A $170,000 Brownfields cleanup grant will be used by the City of Yankton to cleanup the Jensen Scrap Yard, the most contaminated brownfield site in the city. Grant funds will be used to clean up soils contaminated with chromium, lead and PCBs and will also fund community involvement activities. The site was used at various points as a scrap yard, railroad line and industrial storage facility for bulk oil. Cleanup of this site will remove a public health threat, eliminate the main impediment to development in the downtown area and preserve open space on the fringes of the city.
Salt Lake City, Utah
Salt Lake Community College's $200,000 Brownfields job training grant will train 30 students, place up to 22 students in environmental jobs and track graduates for one year. The college will offer three different training tracks, each consisting of approximately 250 hours of instruction. The core curriculum will include HAZWOPER, job safety, and innovative and alternative treatment technologies training. This will be followed by specialized training tailored to pre-apprentice, environmental technology and hazardous waste specialist tracks. Students will be recruited through the college’s partnerships with the Utah Division of Rehabilitation, the Utah Department of Workforce Services, the Salt Lake County Youth Employability program and a variety of community and faith-based organizations. The Skills Center Career Resources personnel will assist students in job searches and placement.

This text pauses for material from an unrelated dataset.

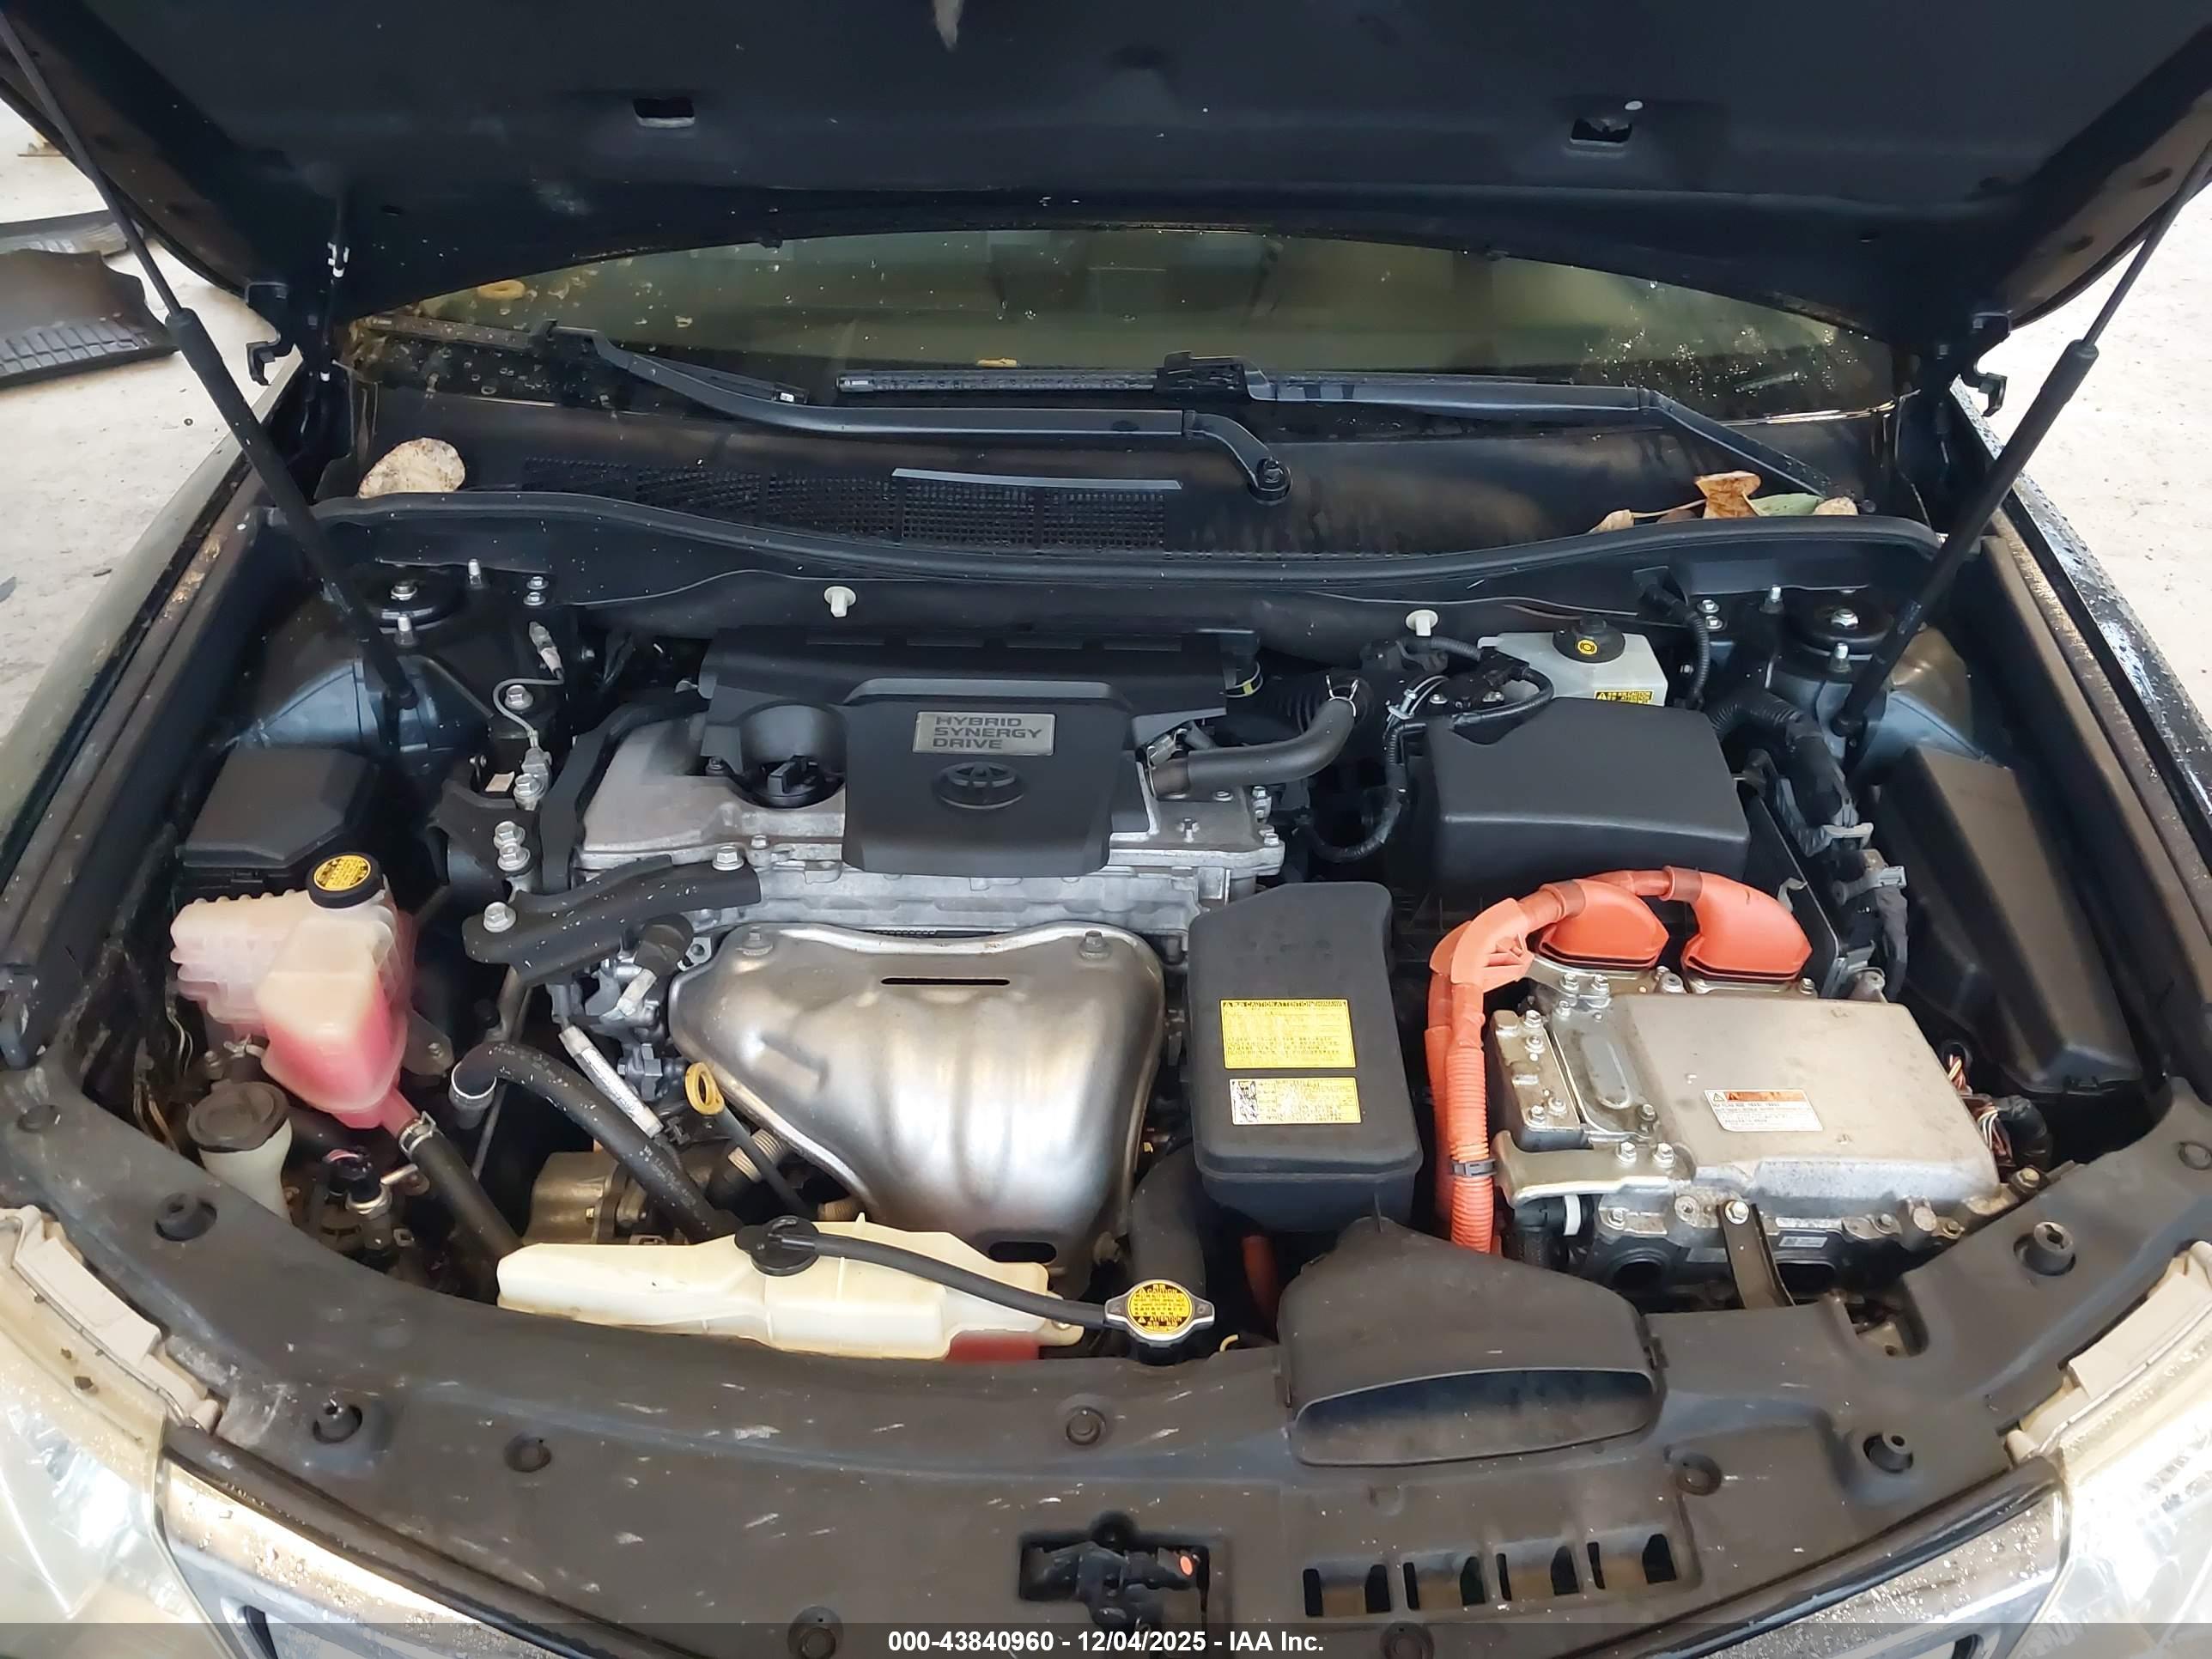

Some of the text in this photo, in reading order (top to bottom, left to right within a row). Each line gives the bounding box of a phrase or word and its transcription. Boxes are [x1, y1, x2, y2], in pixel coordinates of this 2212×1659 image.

"These grants give local partnerships the ability to address environmental issues at sites that are being transformed into vital assets," said EPA Assistant Regional Administrator Max Dodson. "In addition to improving the environment, they are investments in the future that help communities achieve important economic redevelopment and social goals."
Brownfields are sites where potentially harmful contaminants may be impeding revitalization. EPA's Brownfields program promotes redevelopment of America's estimated 450,000 abandoned and contaminated waste sites. Since its inception in 1995, the program has awarded 709 assessment grants totaling over $190 million, 189 revolving loan fund grants for cleanup worth more than $165 million, and $26.8 million for 150 direct cleanup grants.
In addition to grants being announced today, participants in the Brownfields program gain access to the expertise and resources from more than 20 federal agencies. Nationwide, there are four categories of grants being awarded with 218 applicants, including three tribal nations, selected to receive 302 grants totaling $75.9 million. These include:
• 172 assessment grants, worth $33.6 million, to assess and plan for eventual cleanup at one or more brownfield sites;
• 106 cleanup grants, totaling $19.3 million, for recipients to clean up brownfield sites they own;
• 13 revolving loan fund grants, totaling $20.8 million, for communities to use to make low-interest loans for the cleanup of brownfield sites, and
• 11 job-training grants, valued at $2.2 million, for environmental training of people who live in brownfield communities.
Brownfields projects have converted industrial waterfronts to river-front parks, landfills to golf courses, rail corridors to recreational trails, and gas station sites to housing. EPA's Brownfields assistance has led to more than $7 billion in public and private investment in cleanup and redevelopment, helped create more than 31,000 jobs, and resulted in the assessment of more than 5,100 properties.